The 'legacy' functions do implicit flushing so amend the callers to do the
appropriate flushing.

Unfortunately, because of the structure of the P2M code, we cannot remove
the per-CPU 'iommu_dont_flush_iotlb' global and the optimization it
facilitates. It is now checked directly iommu_iotlb_flush(). This is safe
because callers of iommu_iotlb_flush() on another CPU will not be affected,
and hence a flush will be done.

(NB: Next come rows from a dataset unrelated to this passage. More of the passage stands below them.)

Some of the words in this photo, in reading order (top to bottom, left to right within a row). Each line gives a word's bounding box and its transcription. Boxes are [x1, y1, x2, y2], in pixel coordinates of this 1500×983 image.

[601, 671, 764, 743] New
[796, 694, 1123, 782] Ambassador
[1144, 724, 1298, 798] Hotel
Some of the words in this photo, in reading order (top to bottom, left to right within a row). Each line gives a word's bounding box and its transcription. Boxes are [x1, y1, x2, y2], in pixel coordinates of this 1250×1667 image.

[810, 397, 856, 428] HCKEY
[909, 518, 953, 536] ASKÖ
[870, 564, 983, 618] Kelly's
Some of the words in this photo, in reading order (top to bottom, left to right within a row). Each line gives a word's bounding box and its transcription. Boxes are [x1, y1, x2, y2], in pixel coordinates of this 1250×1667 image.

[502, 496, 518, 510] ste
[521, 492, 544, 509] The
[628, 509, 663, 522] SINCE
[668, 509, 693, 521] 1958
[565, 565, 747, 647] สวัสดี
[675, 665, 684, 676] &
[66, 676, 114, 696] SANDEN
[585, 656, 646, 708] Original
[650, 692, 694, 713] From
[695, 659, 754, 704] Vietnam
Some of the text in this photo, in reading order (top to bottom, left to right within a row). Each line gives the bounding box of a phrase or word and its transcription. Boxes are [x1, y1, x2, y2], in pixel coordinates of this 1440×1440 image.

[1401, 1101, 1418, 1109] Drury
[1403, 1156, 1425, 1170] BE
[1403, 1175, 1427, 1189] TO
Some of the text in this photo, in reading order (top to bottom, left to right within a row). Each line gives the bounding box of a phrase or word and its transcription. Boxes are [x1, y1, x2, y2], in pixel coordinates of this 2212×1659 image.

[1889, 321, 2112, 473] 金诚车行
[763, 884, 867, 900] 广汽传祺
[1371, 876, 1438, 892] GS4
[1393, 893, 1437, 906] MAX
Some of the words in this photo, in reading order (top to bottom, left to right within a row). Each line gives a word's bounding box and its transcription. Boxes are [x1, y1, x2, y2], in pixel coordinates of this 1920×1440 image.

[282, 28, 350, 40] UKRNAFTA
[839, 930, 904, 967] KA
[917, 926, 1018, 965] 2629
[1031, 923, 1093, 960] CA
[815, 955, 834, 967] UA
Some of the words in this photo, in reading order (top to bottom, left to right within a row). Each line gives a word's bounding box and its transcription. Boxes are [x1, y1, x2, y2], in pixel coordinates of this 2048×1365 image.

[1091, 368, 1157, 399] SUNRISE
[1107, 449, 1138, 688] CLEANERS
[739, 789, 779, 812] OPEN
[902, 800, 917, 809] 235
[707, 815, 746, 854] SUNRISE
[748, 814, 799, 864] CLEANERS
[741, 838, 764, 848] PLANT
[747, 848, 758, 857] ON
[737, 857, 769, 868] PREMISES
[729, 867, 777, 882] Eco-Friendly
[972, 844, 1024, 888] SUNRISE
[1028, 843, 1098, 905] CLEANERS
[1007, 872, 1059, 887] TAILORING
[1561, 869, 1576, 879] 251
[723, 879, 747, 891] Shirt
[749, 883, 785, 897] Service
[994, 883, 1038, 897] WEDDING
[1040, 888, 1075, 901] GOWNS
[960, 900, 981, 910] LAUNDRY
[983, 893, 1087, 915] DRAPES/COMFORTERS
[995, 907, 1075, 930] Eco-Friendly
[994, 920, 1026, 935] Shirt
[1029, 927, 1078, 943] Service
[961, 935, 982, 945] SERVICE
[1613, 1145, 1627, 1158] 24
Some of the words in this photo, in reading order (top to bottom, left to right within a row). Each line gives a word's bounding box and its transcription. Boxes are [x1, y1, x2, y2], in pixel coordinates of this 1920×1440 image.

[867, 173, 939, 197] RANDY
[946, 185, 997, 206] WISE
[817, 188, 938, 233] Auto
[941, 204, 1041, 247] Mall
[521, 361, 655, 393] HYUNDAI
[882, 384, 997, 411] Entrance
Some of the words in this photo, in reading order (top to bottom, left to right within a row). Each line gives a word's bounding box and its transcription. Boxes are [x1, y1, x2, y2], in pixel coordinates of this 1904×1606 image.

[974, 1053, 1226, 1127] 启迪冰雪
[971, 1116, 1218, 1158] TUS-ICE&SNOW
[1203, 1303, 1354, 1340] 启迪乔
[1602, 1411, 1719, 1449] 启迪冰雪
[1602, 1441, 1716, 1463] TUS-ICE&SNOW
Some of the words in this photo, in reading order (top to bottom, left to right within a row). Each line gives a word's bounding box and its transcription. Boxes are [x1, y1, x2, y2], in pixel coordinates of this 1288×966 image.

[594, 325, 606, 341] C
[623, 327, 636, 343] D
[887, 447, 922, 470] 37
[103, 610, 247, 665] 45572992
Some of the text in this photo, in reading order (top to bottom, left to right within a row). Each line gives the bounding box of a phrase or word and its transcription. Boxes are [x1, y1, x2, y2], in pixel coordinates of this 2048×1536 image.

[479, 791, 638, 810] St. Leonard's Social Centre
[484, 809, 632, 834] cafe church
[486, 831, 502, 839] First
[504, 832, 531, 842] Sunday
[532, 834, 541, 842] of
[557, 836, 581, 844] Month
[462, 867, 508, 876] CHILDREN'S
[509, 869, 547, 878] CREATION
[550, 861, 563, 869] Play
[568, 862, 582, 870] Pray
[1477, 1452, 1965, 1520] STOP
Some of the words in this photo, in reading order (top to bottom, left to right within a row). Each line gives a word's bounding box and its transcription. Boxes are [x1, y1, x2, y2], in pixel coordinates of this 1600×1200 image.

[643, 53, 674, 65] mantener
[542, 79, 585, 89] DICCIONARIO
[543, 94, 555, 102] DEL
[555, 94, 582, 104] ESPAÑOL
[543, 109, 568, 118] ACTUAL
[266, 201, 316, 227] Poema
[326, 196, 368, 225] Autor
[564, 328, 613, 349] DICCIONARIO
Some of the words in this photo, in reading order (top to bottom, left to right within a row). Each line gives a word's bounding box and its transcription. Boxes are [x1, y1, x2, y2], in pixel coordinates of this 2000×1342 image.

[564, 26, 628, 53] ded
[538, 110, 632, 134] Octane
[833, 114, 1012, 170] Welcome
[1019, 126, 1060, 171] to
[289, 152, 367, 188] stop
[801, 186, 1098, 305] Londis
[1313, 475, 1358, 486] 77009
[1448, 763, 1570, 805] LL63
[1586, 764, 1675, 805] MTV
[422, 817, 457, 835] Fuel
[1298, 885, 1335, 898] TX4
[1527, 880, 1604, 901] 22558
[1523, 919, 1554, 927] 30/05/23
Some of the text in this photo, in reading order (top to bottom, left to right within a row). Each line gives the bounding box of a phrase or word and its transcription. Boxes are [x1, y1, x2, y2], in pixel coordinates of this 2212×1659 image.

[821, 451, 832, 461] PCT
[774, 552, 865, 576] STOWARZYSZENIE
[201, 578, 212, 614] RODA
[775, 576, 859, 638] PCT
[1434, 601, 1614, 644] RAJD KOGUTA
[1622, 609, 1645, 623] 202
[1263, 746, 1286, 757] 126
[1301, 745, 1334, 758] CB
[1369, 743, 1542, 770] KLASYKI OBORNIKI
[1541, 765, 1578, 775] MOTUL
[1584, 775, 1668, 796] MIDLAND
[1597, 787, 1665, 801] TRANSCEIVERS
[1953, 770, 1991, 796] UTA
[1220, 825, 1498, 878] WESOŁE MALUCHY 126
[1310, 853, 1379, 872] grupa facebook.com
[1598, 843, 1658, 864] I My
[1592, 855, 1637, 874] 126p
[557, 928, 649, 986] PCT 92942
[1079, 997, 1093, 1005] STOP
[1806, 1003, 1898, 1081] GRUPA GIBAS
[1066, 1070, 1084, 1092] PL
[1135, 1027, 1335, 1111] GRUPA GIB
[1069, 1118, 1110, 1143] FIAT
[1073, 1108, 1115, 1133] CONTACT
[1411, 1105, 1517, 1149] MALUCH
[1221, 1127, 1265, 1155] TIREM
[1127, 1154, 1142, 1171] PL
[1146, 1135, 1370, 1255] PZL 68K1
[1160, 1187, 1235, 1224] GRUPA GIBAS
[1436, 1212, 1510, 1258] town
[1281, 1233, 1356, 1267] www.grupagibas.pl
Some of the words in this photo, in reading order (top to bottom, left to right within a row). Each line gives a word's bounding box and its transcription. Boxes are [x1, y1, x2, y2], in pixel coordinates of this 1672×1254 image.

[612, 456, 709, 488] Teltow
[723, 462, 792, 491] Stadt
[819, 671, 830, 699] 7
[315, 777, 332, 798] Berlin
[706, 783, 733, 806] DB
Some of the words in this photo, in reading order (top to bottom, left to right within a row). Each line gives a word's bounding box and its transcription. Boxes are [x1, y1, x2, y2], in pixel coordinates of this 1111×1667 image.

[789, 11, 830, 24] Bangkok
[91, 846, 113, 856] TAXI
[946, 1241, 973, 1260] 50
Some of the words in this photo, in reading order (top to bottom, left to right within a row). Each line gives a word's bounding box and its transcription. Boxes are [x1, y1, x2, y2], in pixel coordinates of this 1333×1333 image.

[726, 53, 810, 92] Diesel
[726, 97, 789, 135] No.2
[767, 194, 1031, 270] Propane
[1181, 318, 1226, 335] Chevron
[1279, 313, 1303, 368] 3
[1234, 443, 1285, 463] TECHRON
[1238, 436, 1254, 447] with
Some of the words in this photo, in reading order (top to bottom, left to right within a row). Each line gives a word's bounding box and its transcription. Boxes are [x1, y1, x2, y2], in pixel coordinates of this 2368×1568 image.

Also, 'iommu_dont_flush_iotlb' is now declared
as bool (rather than bool_t) and setting/clearing it are no longer pointlessly
gated on is_iommu_enabled() returning true. (Arguably it is also pointless to
gate the call to iommu_iotlb_flush() on that condition - since it is a no-op
in that case - but the if clause allows the scope of a stack variable to be
restricted).

NOTE: The code in memory_add() now sets 'ret' if iommu_map() or
iommu_iotlb_flush() fails.

Signed-off-by: Paul Durrant <pdurrant@amazon.com>
Reviewed-by: Jan Beulich <jbeulich@suse.com>
---
Cc: Andrew Cooper <andrew.cooper3@citrix.com>
Cc: Wei Liu <wl@xen.org>
Cc: "Roger Pau Monné" <roger.pau@citrix.com>
Cc: George Dunlap <george.dunlap@citrix.com>
Cc: Ian Jackson <ian.jackson@eu.citrix.com>
Cc: Julien Grall <julien@xen.org>
Cc: Stefano Stabellini <sstabellini@kernel.org>
Cc: Jun Nakajima <jun.nakajima@intel.com>
Cc: Kevin Tian <kevin.tian@intel.com>

v6:
- Fix formatting problem in memory_add()

v5:
- Re-base
- Removed failure case on overflow of unsigned int as it is no longer
necessary

v3:
- Same as v2; elected to implement batch flushing in the grant table code as
a subsequent patch

v2:
- Shorten the diff (mainly because of a prior patch introducing automatic
flush-on-fail into iommu_map() and iommu_unmap())
---
xen/arch/x86/mm.c | 24 +++++++++++++++++-------
xen/arch/x86/mm/p2m-ept.c | 21 +++++++++++++--------
xen/arch/x86/mm/p2m-pt.c | 16 ++++++++++++----
xen/arch/x86/mm/p2m.c | 25 +++++++++++++++++--------
xen/arch/x86/x86_64/mm.c | 20 +++++++-------------
xen/common/grant_table.c | 29 ++++++++++++++++++++++-------
xen/common/memory.c | 7 +++----
xen/drivers/passthrough/iommu.c | 25 +------------------------
xen/include/xen/iommu.h | 21 +++++----------------
9 files changed, 97 insertions(+), 91 deletions(-)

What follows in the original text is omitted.